I'd clarify this with "They understand that all values are just bytes".

> Meanwhile, the actual computers we have been using for decades have no problems actually just loading 4 bytes through any arbitrary pointer with zero overhead.

It's partly the standards fault here - rather than saying "We don't know how vendors will implement this, so we shall leave it as implementation-defined", they say "We don't know how vendors will implement this, so we will leave it as undefined".

A clear majority of the UB problems with C could be fixed if the standards committee slowly moved all UB into IB. It's not that there isn't any progress (Signed twos-complement is coming, after all), it's that there is (I believe) much pushback from compiler authors (who dominate the standards) who don't want to make UB into IB.

benj111 an hour ago | parent [-]

>It's partly the standards fault here - rather than saying "We don't know how vendors will implement this, so we shall leave it as implementation-defined", they say "We don't know how vendors will implement this, so we will leave it as undefined

I'd agree to a point. I still think it's unreasonable for compiler writers to get all lawyery about precise terminology. After all "implementation defined" could still be subject to the same lawyeriness (we implemented it, ergo we define it).

To me this is an issue of culture. We need to push back against the view that UB means anything can happen, therefore the compiler can do anything.

fc417fc802 31 minutes ago | parent [-]

But it's genuinely useful. In all seriousness, are you sure you aren't perhaps just using the wrong language? At this point UB and leveraging it for optimization are core parts of the most performant C implementations.

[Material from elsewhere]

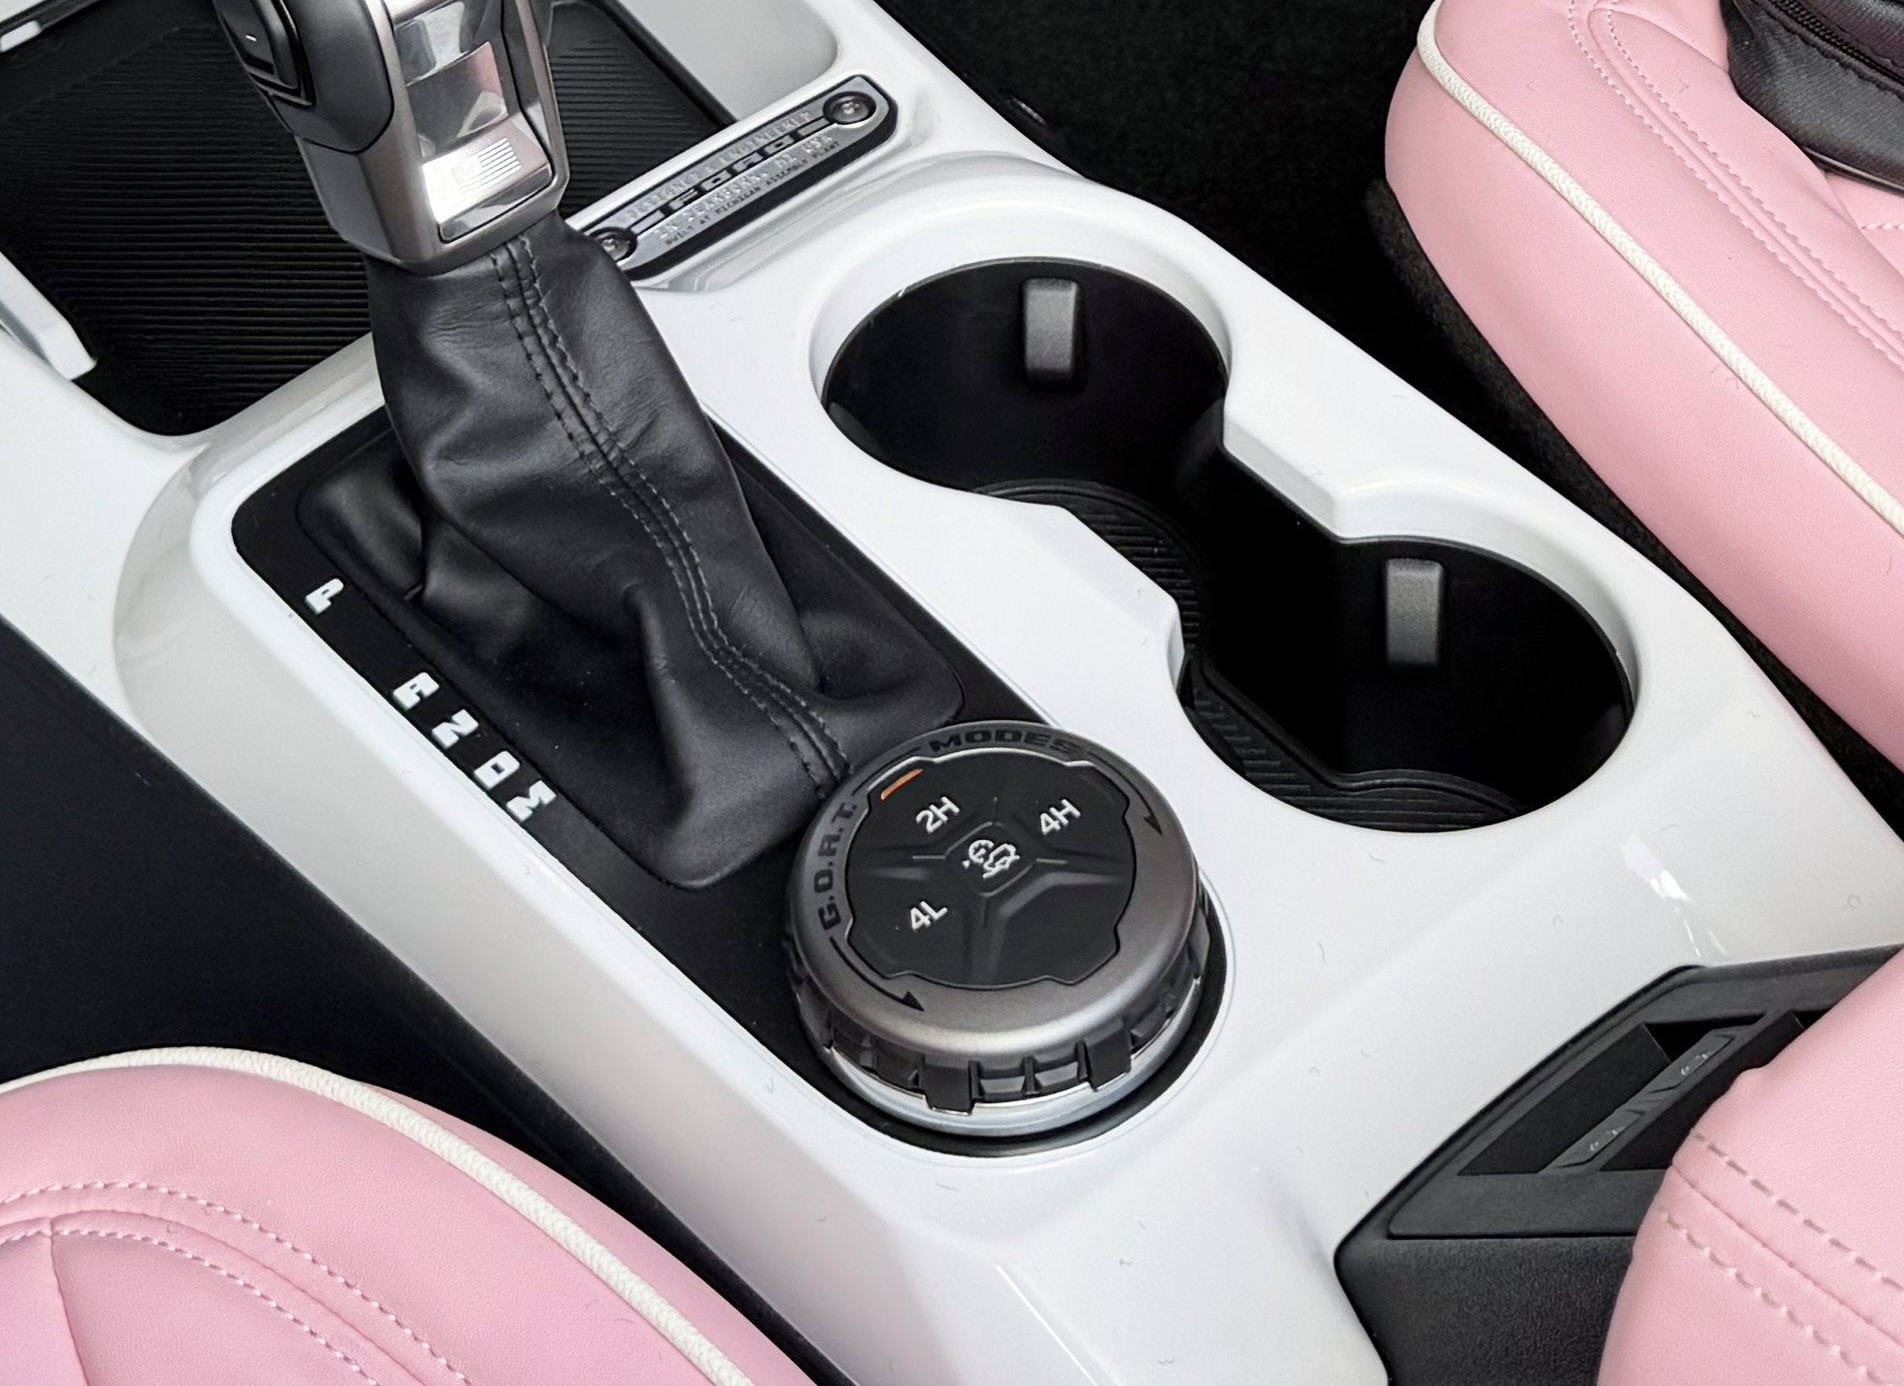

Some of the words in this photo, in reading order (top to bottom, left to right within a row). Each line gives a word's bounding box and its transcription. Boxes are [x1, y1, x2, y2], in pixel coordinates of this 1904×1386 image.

That said, I think there are many cases where compilers could make a better effort to link UB they're optimizing against to UB that appears in the code as originally authored and emit a diagnostic or even error out. But at least we've got ubsan and friends so it seems like things are within reason if not optimal.

benj111 16 minutes ago | parent [-]

>are you sure you aren't perhaps just using the wrong language

Well I think there is a tension here. C is the language for microcontrollers and the language for high performance.

In ye olden days both groups interests were aligned because speed in C was about working with the machine. Now the UB has been highjacked for speed, that microcontroller that I'm working on, where I know and int will overflow and rely on that is UB so may be optimised out, so I then have to think about what the compiler may do.

I wouldn't say C is the wrong language. I would say there are wrong compilers though.